If the particle moves from point 0 to point R, the change in the potential energy of the system is

$\begin{equation} \Delta U = -W = -\int_{0}^{R}\vec F(\vec r).d\vec r = -\int_{0}^{R} q_0\vec E(\vec r).d\vec r \tag{4.2} \end{equation}$

With potential energy to be zero at infinity we can write

$\begin{equation} U = -W \tag{4.3} \end{equation}$

Electric potential V at P as shown in Figure 24-2 in terms of the work done by the electric force and the resulting potential energy: $\begin{equation} V = -\frac{W_{\infty}}{q_0}= \frac{U}{q_0} \tag{4.4} \end{equation}$

A charged particle with, say, charge q at a point where V exits, we can immediately find the potential energy of the configuration:

$\begin{equation} U = qV \tag{4.5} \end{equation}$

SI Units for Potential.

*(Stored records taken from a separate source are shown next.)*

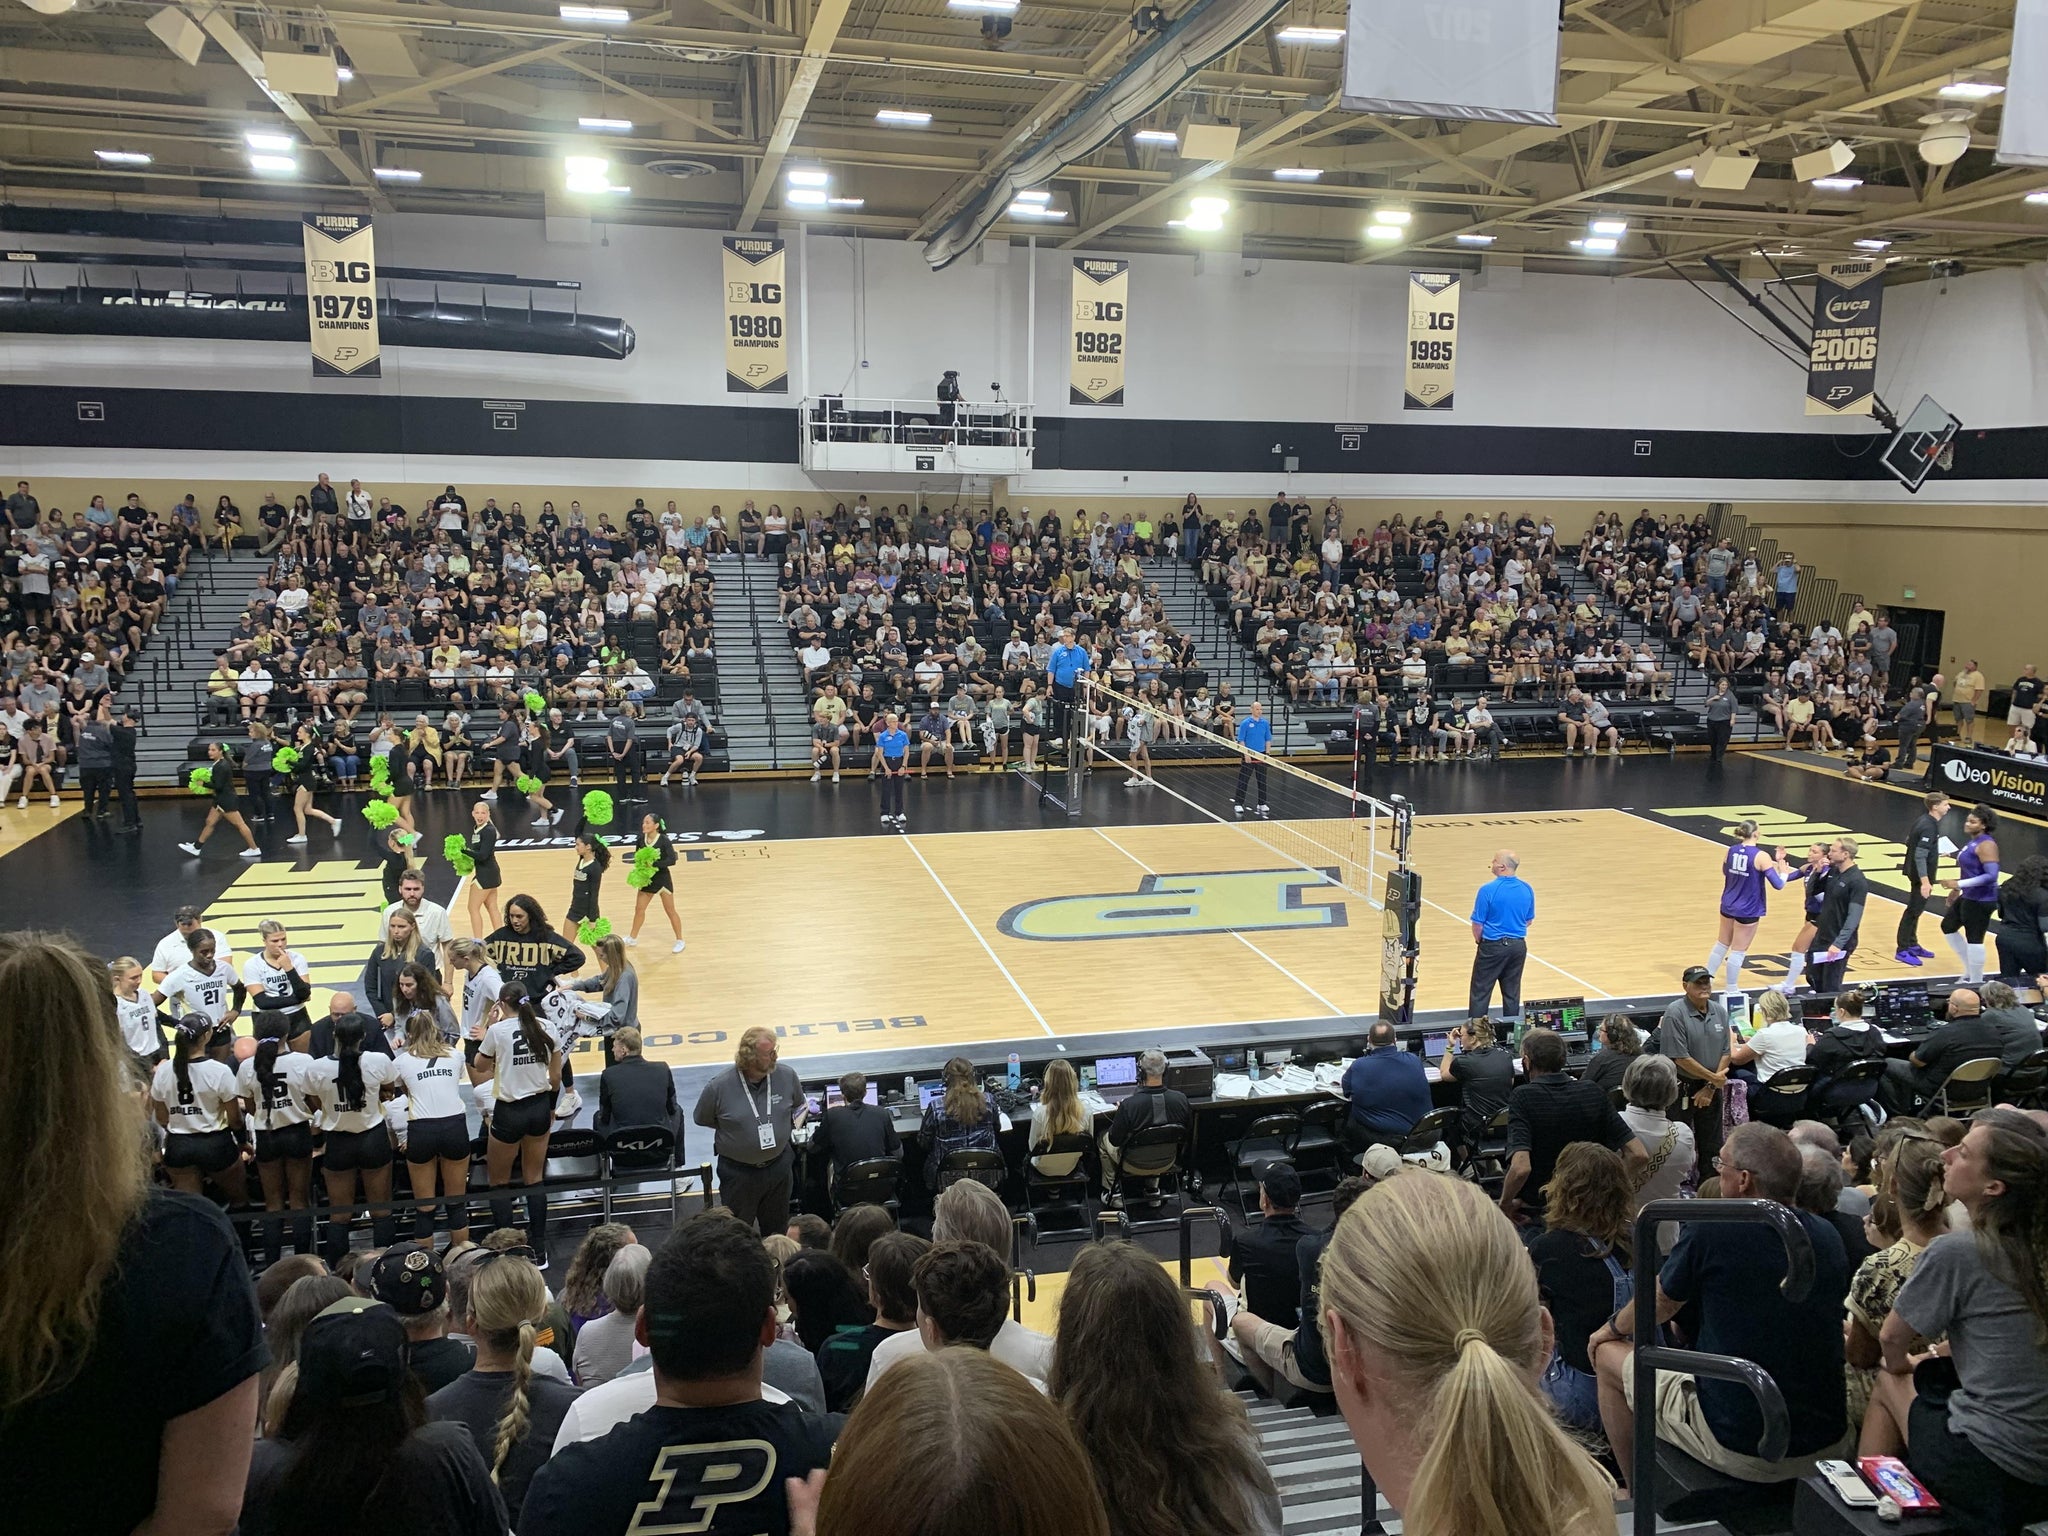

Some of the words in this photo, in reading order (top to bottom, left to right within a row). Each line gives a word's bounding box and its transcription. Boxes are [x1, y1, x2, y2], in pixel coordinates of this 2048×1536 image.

[316, 215, 358, 228] PURDUE
[735, 239, 773, 252] PURDUE
[1084, 260, 1118, 272] PURDUE
[1831, 262, 1872, 275] PURDUE
[1420, 273, 1451, 284] PURDUE
[313, 295, 373, 319] 1979
[1832, 299, 1871, 312] avca
[319, 320, 369, 330] CHAMPIONS
[729, 315, 782, 338] 1980
[1815, 328, 1842, 338] CAROL
[1845, 326, 1876, 336] DEWEY
[733, 339, 779, 348] CHAMPIONS
[1075, 331, 1122, 355] 1982
[1811, 336, 1878, 362] 2006
[1410, 341, 1453, 361] 1985
[1078, 355, 1118, 364] CHAMPIONS
[1412, 362, 1449, 370] CHAMPIONS
[1812, 362, 1833, 372] HALL
[1835, 361, 1846, 370] OF
[1848, 360, 1873, 370] FAME
[1955, 762, 2046, 796] NeoVision
[2029, 796, 2044, 806] P.C.
[1732, 853, 1748, 871] 10
[1387, 888, 1400, 901] P
[195, 980, 224, 993] PURDUE
[277, 983, 289, 996] 2
[203, 989, 220, 1006] 21
[129, 1006, 150, 1018] PURDUE
[141, 1016, 149, 1030] 6
[417, 1068, 453, 1081] BOILERS
[273, 1073, 288, 1098] 5
[625, 1439, 777, 1536] P
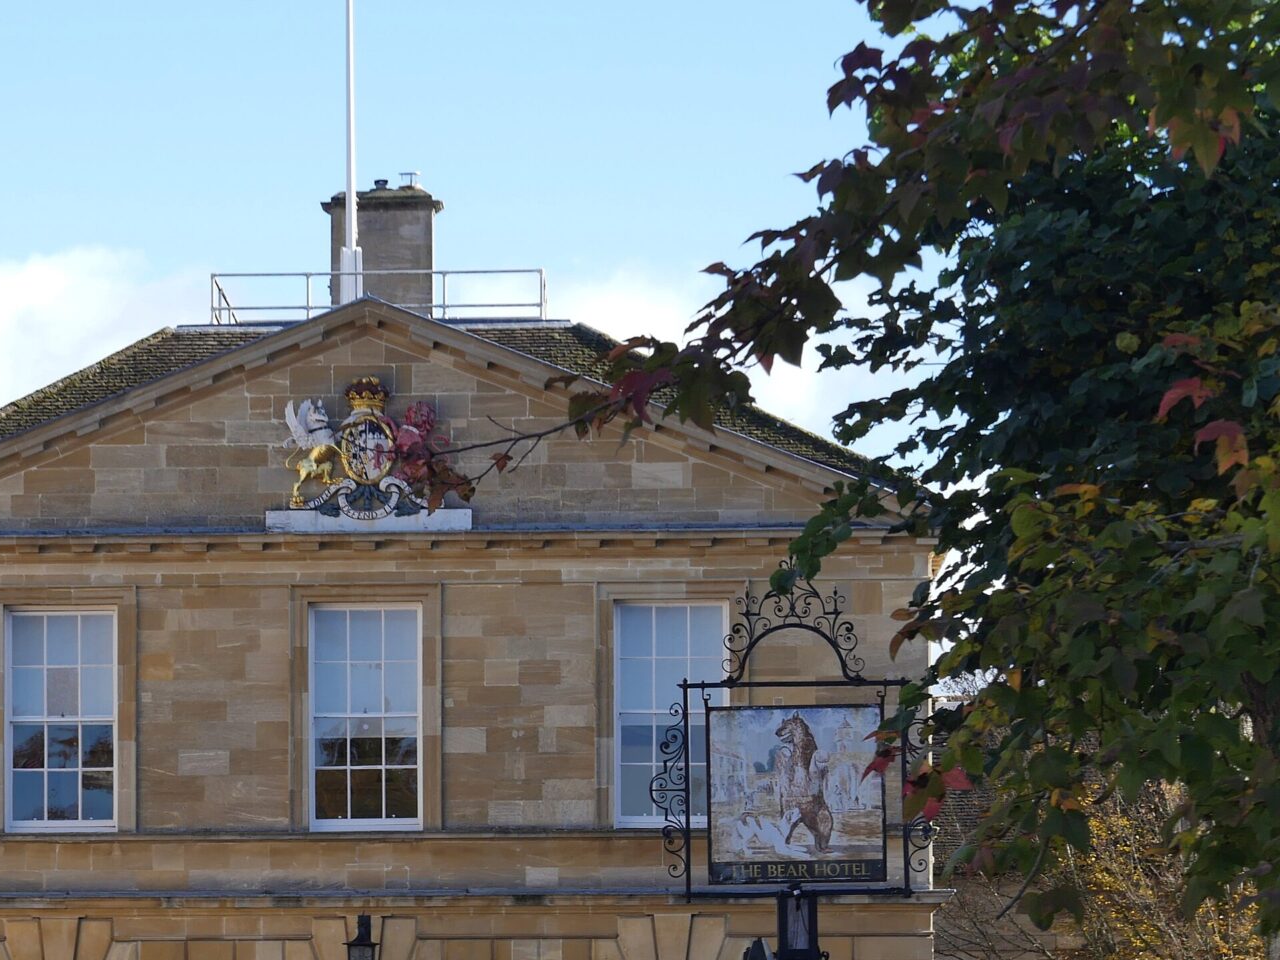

The SI unit for potential that follows from Eq. 4-2 is the joule per coulomb. This combination occurs so often that a special unit, the volt (abbreviated V), is used to represent it.Thus,

1 volt = 1 joule per coulomb.

With two unit conversions, we can now switch the unit for electric field from newtons per coulomb to a more conventional unit:

$$\frac{1~N}{C}=\left(\frac{1~N}{C}\right)\left(\frac{1~V}{1~J/C}\right)\left(\frac{1~J}{1~N-m}\right) = \frac{1~V}{m}$$

If we move a charge from an initial point i to a second point f in the electric field of a charged object, the electric potential changes by $$\Delta = V_f - V_i$$

$\begin{equation} \Delta U = q\Delta V = q(V_f-V_i) \tag{4.6} \end{equation}$

We can relate the potential energy change $$\Delta U$$ to the work W done by the electric force as the particle moves from i to f is given by:

$\begin{equation} W = -\Delta U (work,~conservative~force) \tag{4.7} \end{equation}$

We can relate that work to the change in the potential by substituting from Eq. 4-4:

$\begin{equation} W = -\Delta U = -q\Delta V = -q(V_f - V_i) \tag{4.8} \end{equation}$

Electron-volts. In atomic and subatomic physics, energy measures in the SI unit of joules often require awkward powers of ten.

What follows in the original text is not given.